Australia - 1913 to 1988.
Cricket - main page.


Cricket has also featured on Australian telegrams because of the prominent role it has played since the 1860s to the present in the Australian way of life.

To access cricket-related information, use the following links:

    1. Date stamps - see Adelaide Oval and the Melbourne Cricket Ground.

    2. Broadcast from the Adelaide Oval.

    3. Ray Lindwall.

    4. Bill Johnston;

    5. Gerry Hazlitt, the Australian XI and a Reply-Paid telegram.

    6. COLLECT cables about the 3rd Test at Melbourne in January 1948.

Generally telegrams sent from Cricket Grounds were Multiple Telegrams - so addressed to several recipients (here newspapers) on the one basic form. That saved the repeated writing of the same message and also saved the list of recipients in one place. Sometimes things do not go according to plan:

"There is nothing more unsatisfactory - either in private or public affairs - than divided responsibility. Blunders of the most glaring character may be committed, and nobody is to blame. This is probably more noticeable in the departments of the State than in commercial pursuits generally, but it pervades all sections of the community to a greater or lesser degree.

One complaint on the present occasion is in respect to the Telegraph Department. We went to considerable expense, on the occasion of the recent cricket matches in Melbourne, to obtain progress reports during tbe day for the information of the public and the immense crowds which blocked up the street in front of this office from midday till late at night showed the large amount of interest which was taken in the result.

Unfortunately, however, many of tbe telegrams were so long delayed in transmission that they were utterly valueless by the time they reached us. One message of 10 words, for instance, was lodged on the 27th December at the Melbourne office at 3.53 p.m., and was not delivered to us till 5.32. If we allow 25 minutes for the difference in mean time, we find that it actually occupied one hour and ten minutes to transmit an emergency telegram of 40 words from Melbourne to Sydney!! Of course the Sydney office blames Melbourne, and Melbourne blames somebody else and, in this way, the responsibility is shunted from one to another till nobody knows through whose fault the delay was occasioned.

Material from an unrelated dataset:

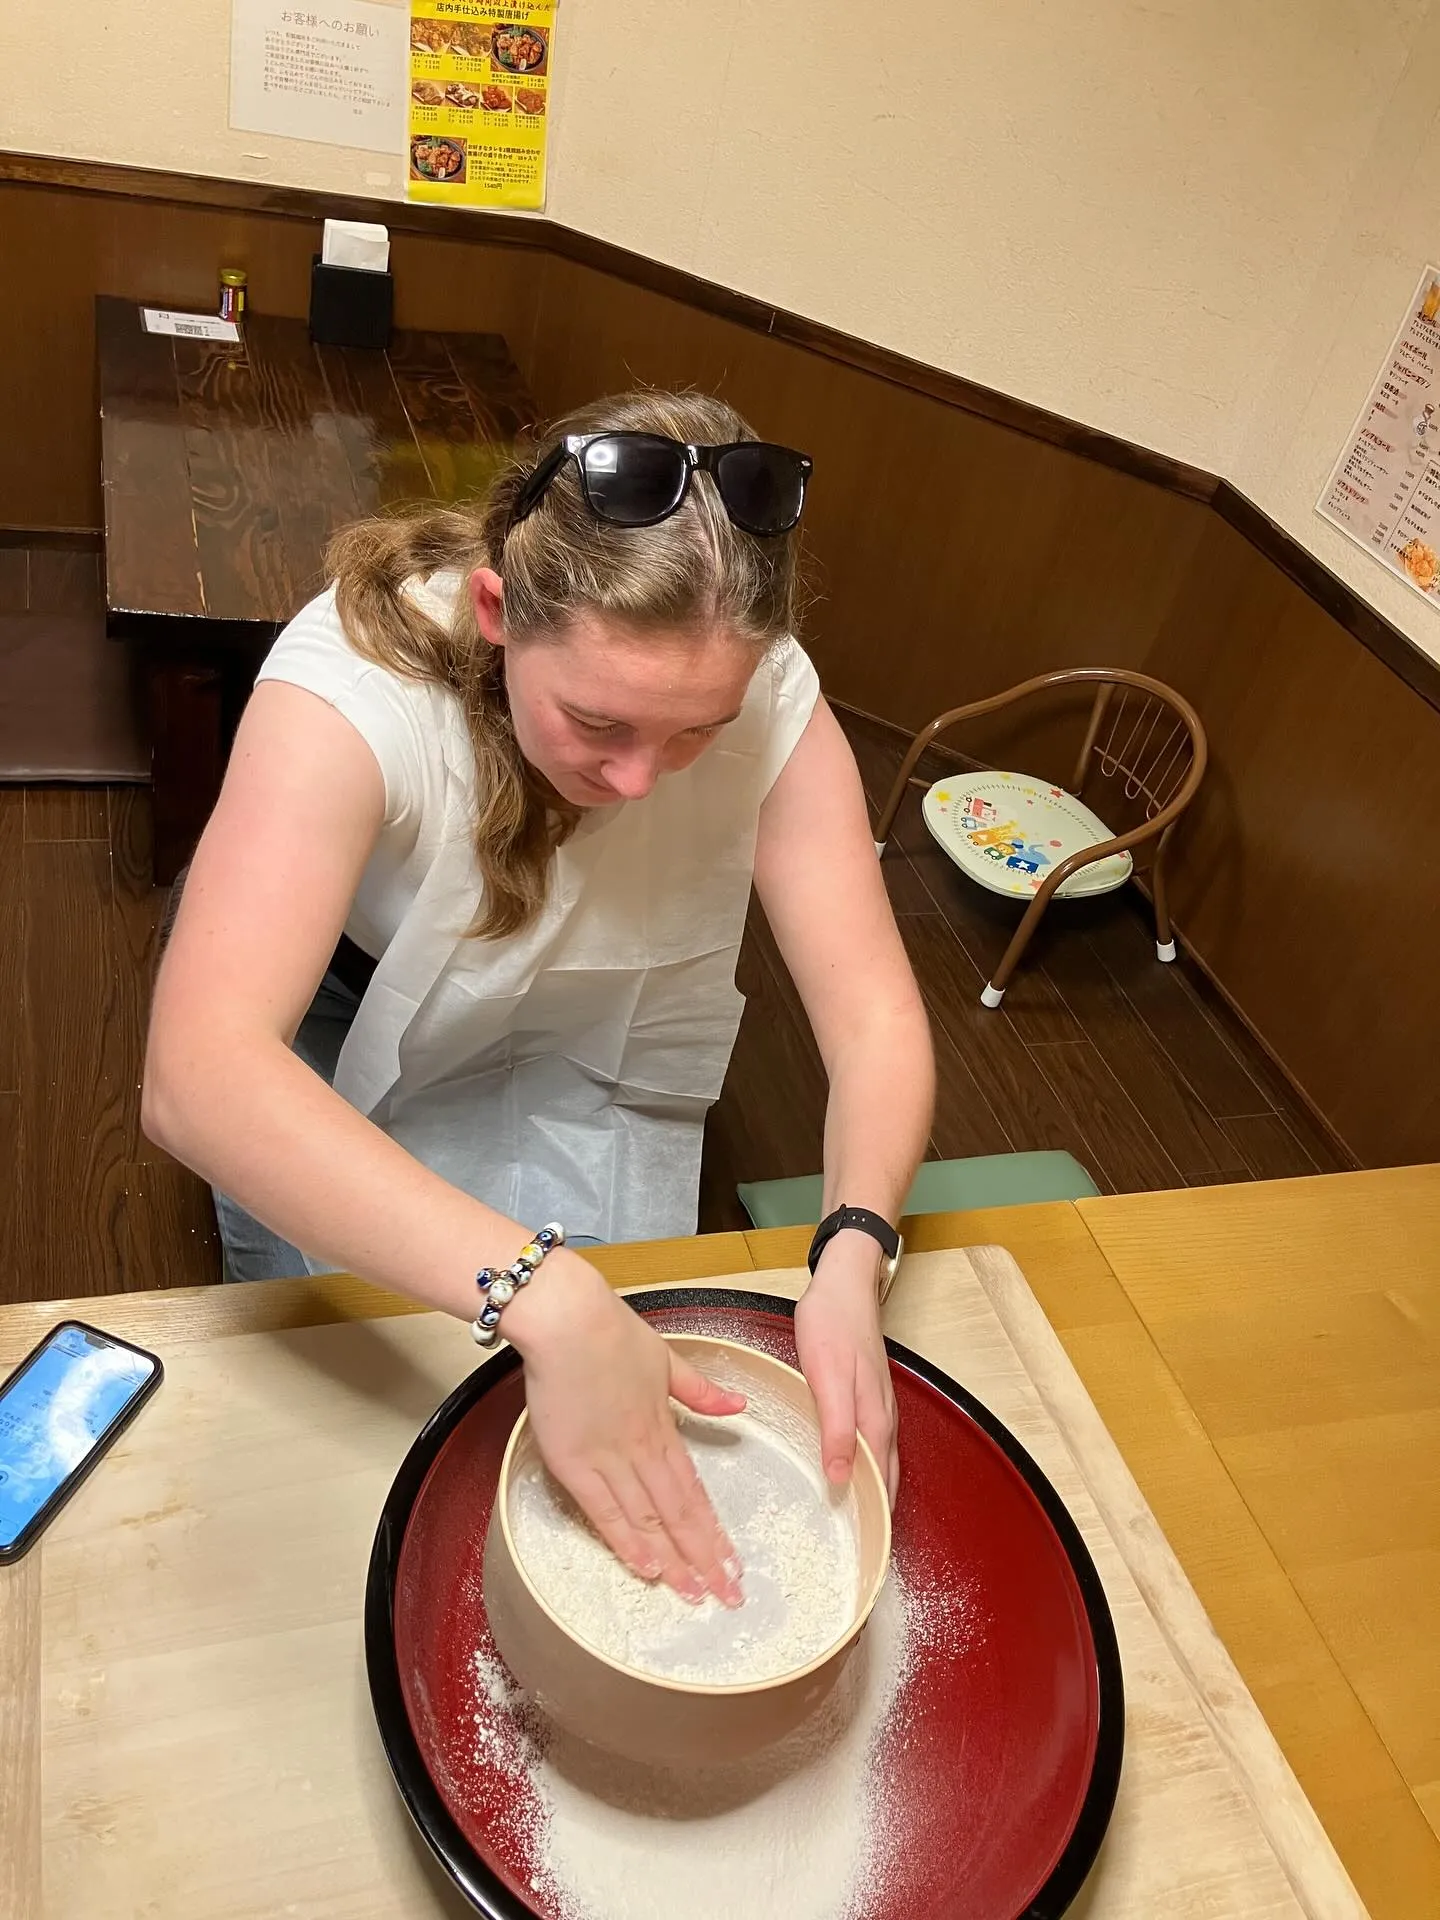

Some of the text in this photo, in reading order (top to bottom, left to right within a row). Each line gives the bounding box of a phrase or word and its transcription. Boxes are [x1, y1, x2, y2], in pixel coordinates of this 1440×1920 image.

[436, 3, 529, 20] 店内手仕込み特製唐揚げ
[281, 10, 380, 38] お客様へのお願い

In reply to a formal complaint lodged with the manager of the telegraph station at Sydney, we received the following memo:

Adverting to your note of the 28th ultimo, I am informed by the manager of the Melbourne office that the delay complained of was due to the report being addressed to other papers, Adelaide, etc., on the same form and it appears they were sent there before Sydney. A smart operator will, we believe, send away as many as 40 words a minute. If, therefore, the message of 40 words, with which we are now dealing, had to be sent to two other places before coming to Sydney, that would account for a very small portion of the delay. The fact of the matter is that there was gross negligence both in Sydney and in Melbourne, and we would commend the authorities, if they have any respect for the reputation of the department, to make a fuller and more complete inquiry into the matter.

Some light may be thrown upon the general confusion - which reigns in this intercolonial service - by another instance which we have to hand. A second telegram of a similar character was lodged at the same office at 4.10 on the same day, just 17 minutes later than message No. 1, and was delivered at this office at 5.18, or 14 minutes earlier than the telegram which was despatched 17 minutes later. We are not aware of what principle these messages are despatched from the Melbourne office, but no greater confusion could ensue if they were shaken up in a bag and drawn for after the fashion of a Chinese lottery.

We have only named two out of a dozen instances which we have at hand, but they are quite sufficient to show that the telegraphic service between Sydney and Melbourne will stand a great deal of improvement before it can be regarded as the pink of perfection".
(Sydney Daily Telegraph, 10 January 1882).